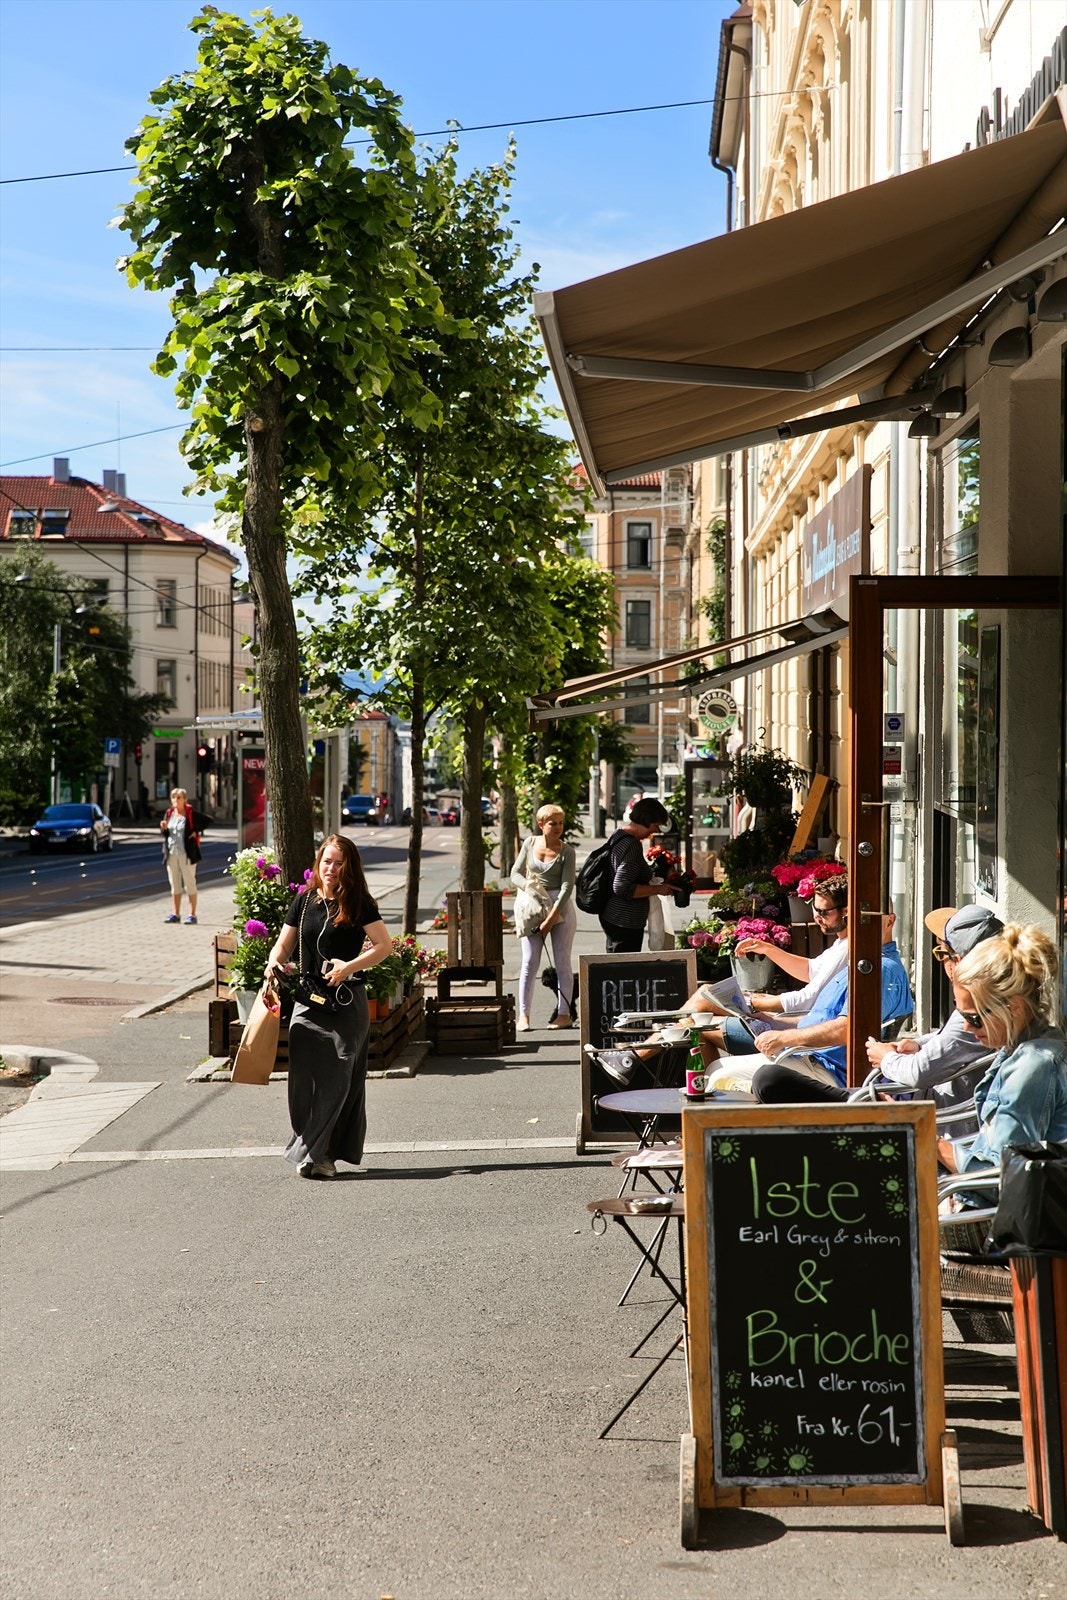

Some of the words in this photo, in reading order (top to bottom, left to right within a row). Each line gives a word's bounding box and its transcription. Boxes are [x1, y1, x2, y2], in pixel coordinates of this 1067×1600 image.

[700, 691, 735, 708] ESPRESSO
[704, 718, 733, 730] HOUSE
[757, 726, 767, 739] 2
[108, 740, 117, 751] P
[750, 1156, 866, 1223] Iste
[739, 1225, 779, 1243] Earl
[787, 1224, 830, 1257] Grey
[833, 1229, 849, 1243] &
[854, 1229, 901, 1246] sitron
[794, 1259, 834, 1304] &
[745, 1308, 910, 1367] Brioche
[750, 1369, 805, 1389] kanel
[818, 1372, 858, 1392] eller
[861, 1379, 906, 1394] rosin
[796, 1414, 825, 1436] Fra
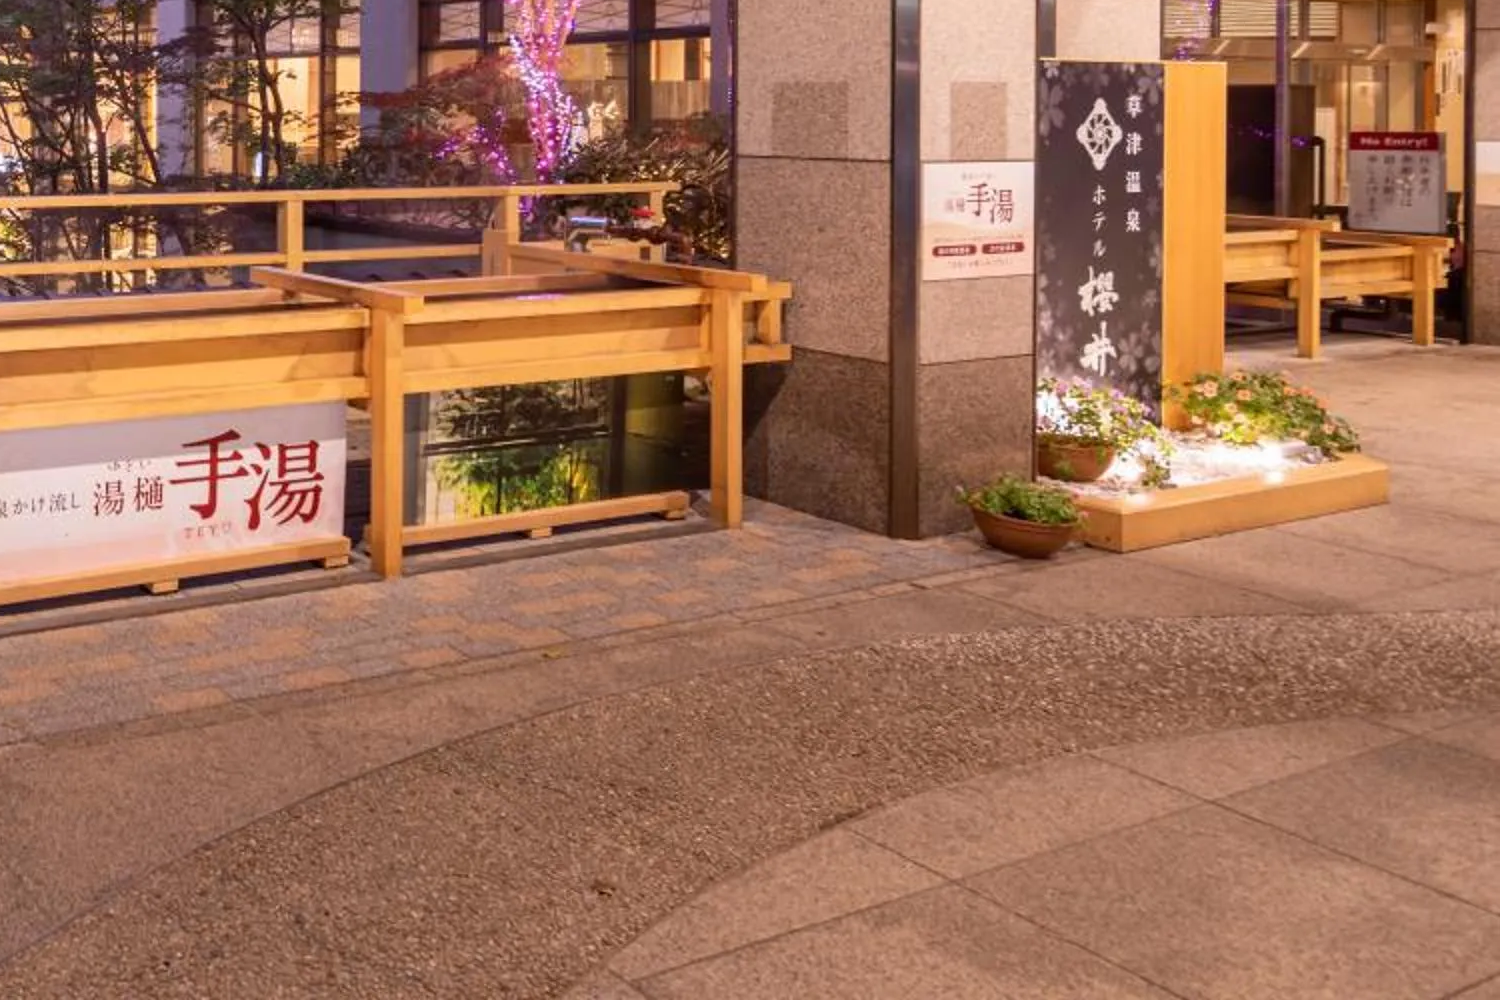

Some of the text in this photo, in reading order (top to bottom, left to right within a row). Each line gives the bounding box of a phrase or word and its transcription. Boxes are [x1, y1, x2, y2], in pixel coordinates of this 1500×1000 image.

[966, 183, 1013, 223] 手湯
[1125, 95, 1142, 232] 草津温泉
[169, 429, 324, 530] 手湯
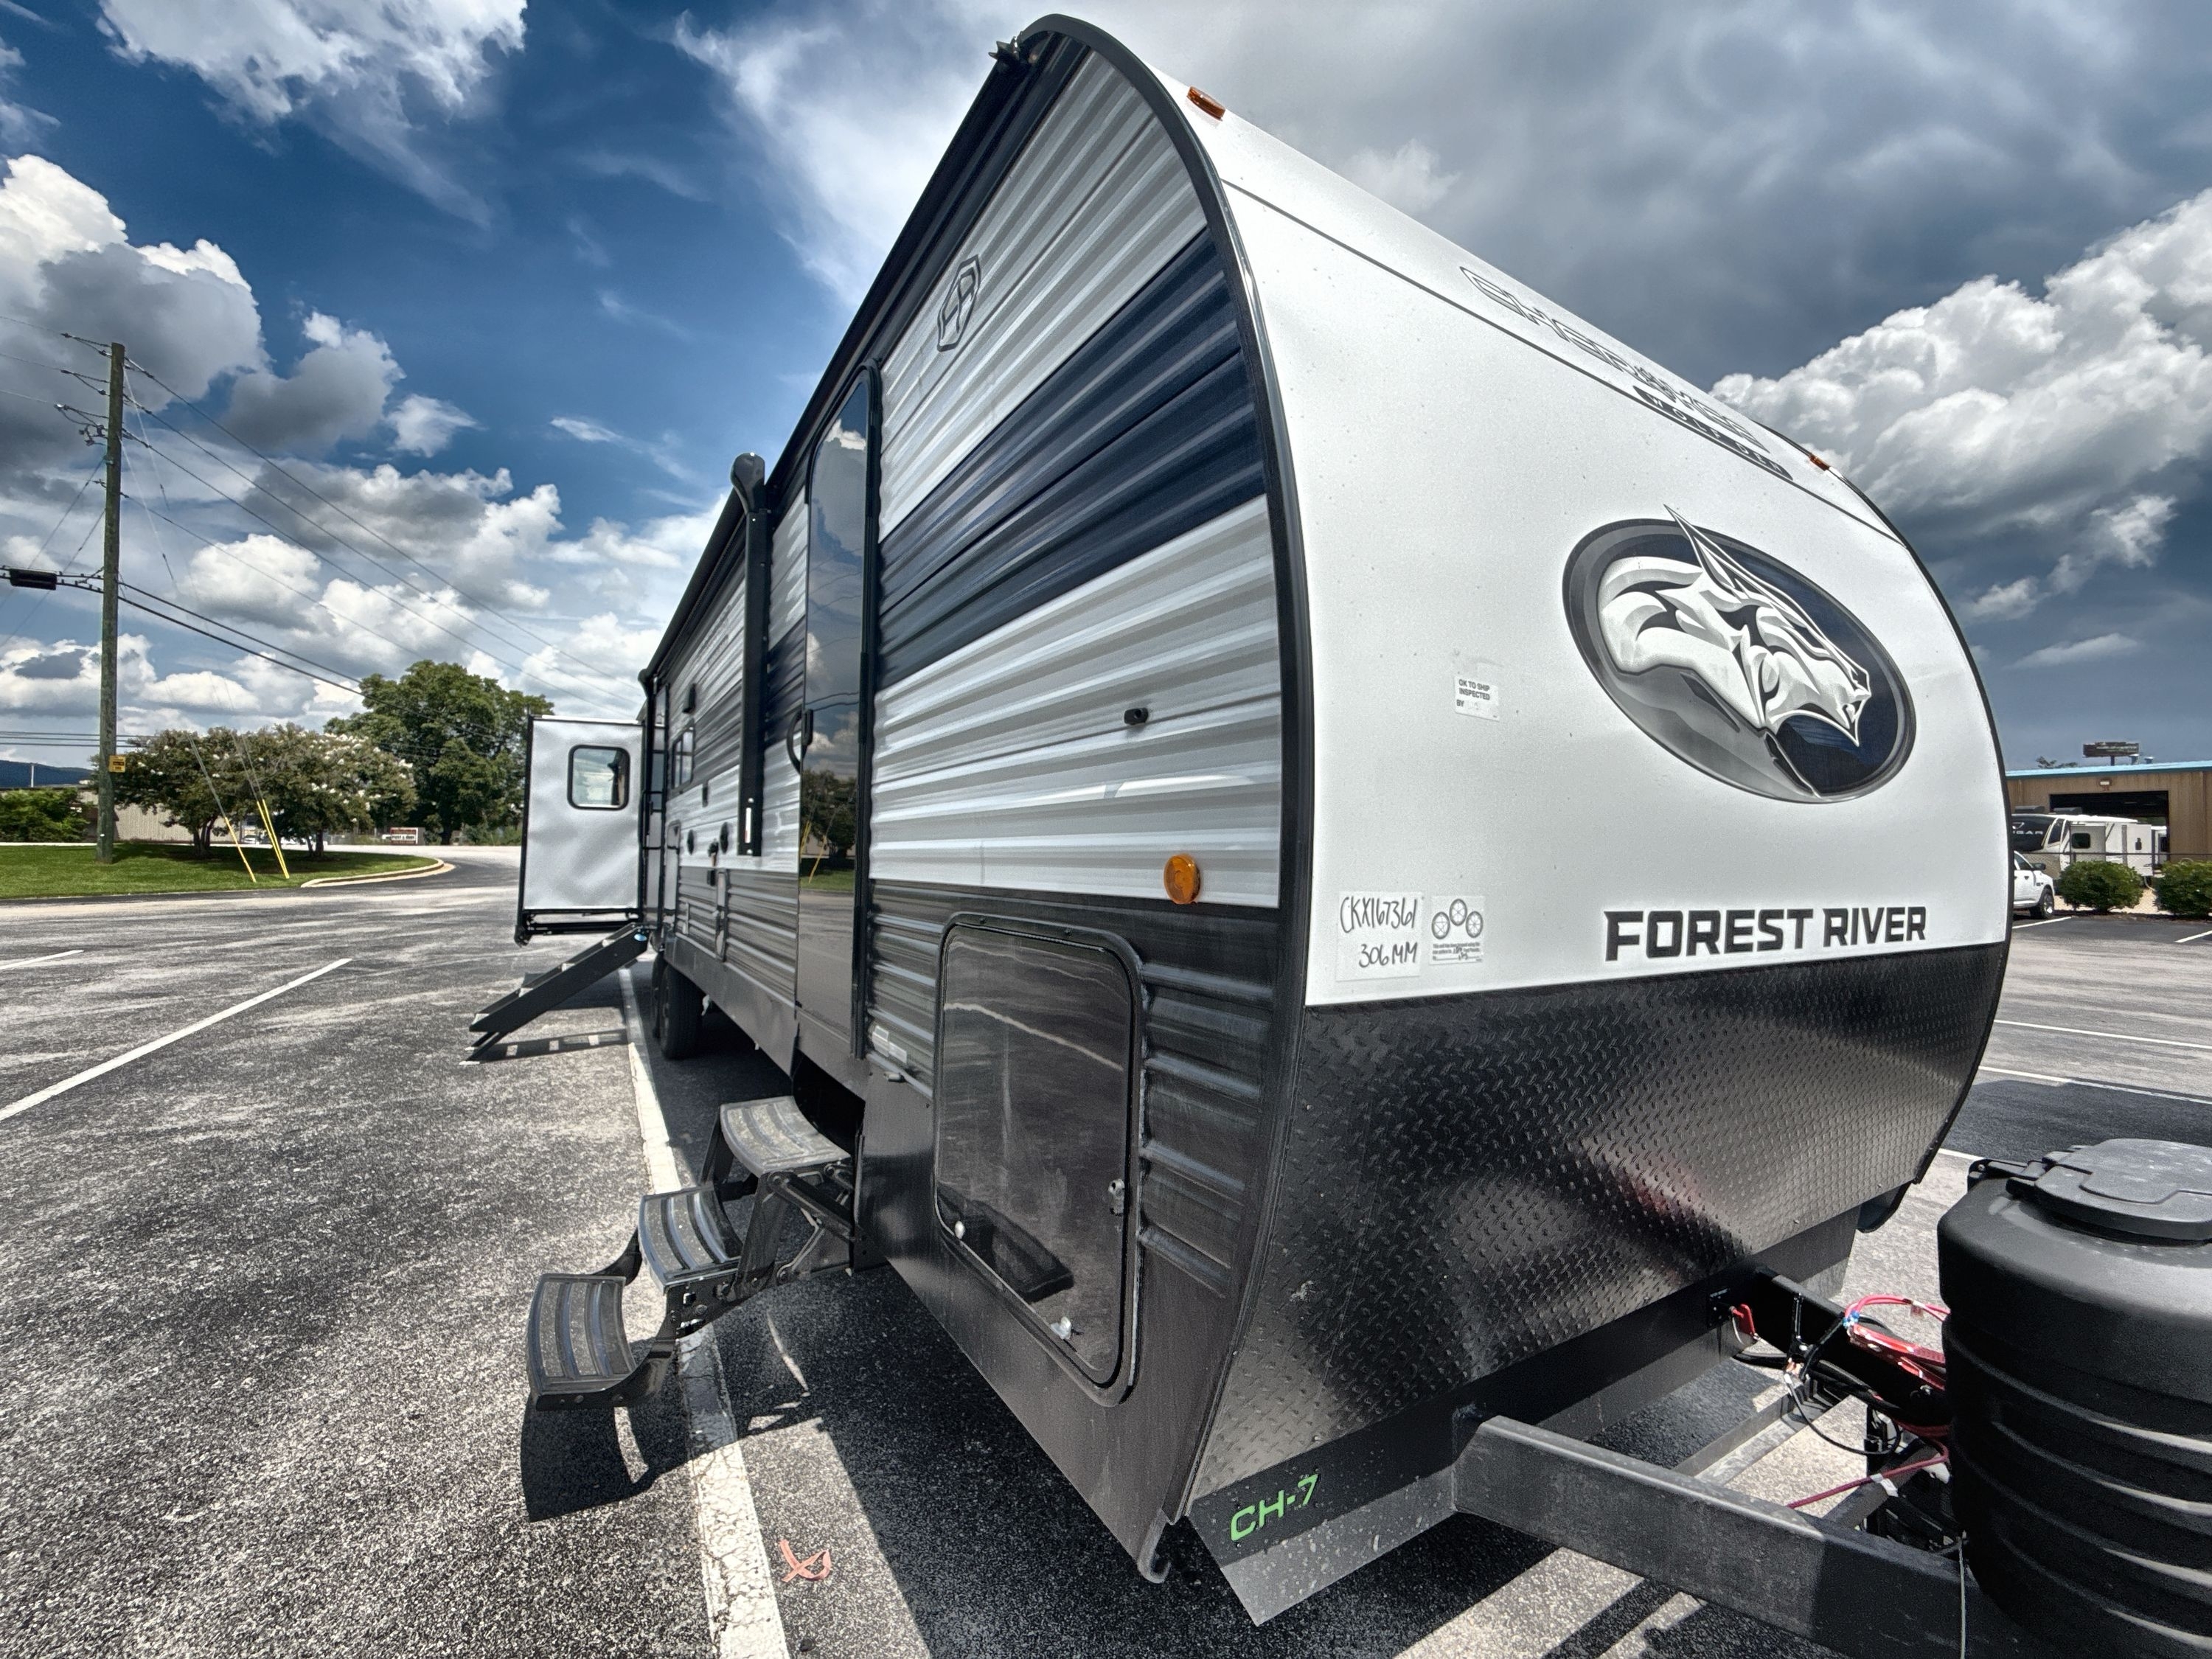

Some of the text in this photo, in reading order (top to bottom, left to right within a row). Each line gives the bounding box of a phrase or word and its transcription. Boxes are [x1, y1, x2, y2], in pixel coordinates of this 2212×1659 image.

[1646, 393, 1721, 439] WOLF
[1458, 678, 1490, 691] OK TO SHIP
[1459, 687, 1490, 700] INSPECTED
[1340, 896, 1417, 933] CKX167361
[1604, 906, 1926, 962] FOREST RIVER
[1231, 1473, 1318, 1541] CH-7

++++++++

- [Work instructions]: Print again, word for word, every line from the line with "this 1500×1000 image." to the final line of the records, inclusive; skip the pictures.

- [Task solution]:
Some of the text in this photo, in reading order (top to bottom, left to right within a row). Each line gives the bounding box of a phrase or word and its transcription. Boxes are [x1, y1, x2, y2], in pixel coordinates of this 1500×1000 image.

[966, 183, 1013, 223] 手湯
[1125, 95, 1142, 232] 草津温泉
[169, 429, 324, 530] 手湯

Some of the text in this photo, in reading order (top to bottom, left to right within a row). Each line gives the bounding box of a phrase or word and its transcription. Boxes are [x1, y1, x2, y2], in pixel coordinates of this 2212×1659 image.

[1646, 393, 1721, 439] WOLF
[1458, 678, 1490, 691] OK TO SHIP
[1459, 687, 1490, 700] INSPECTED
[1340, 896, 1417, 933] CKX167361
[1604, 906, 1926, 962] FOREST RIVER
[1231, 1473, 1318, 1541] CH-7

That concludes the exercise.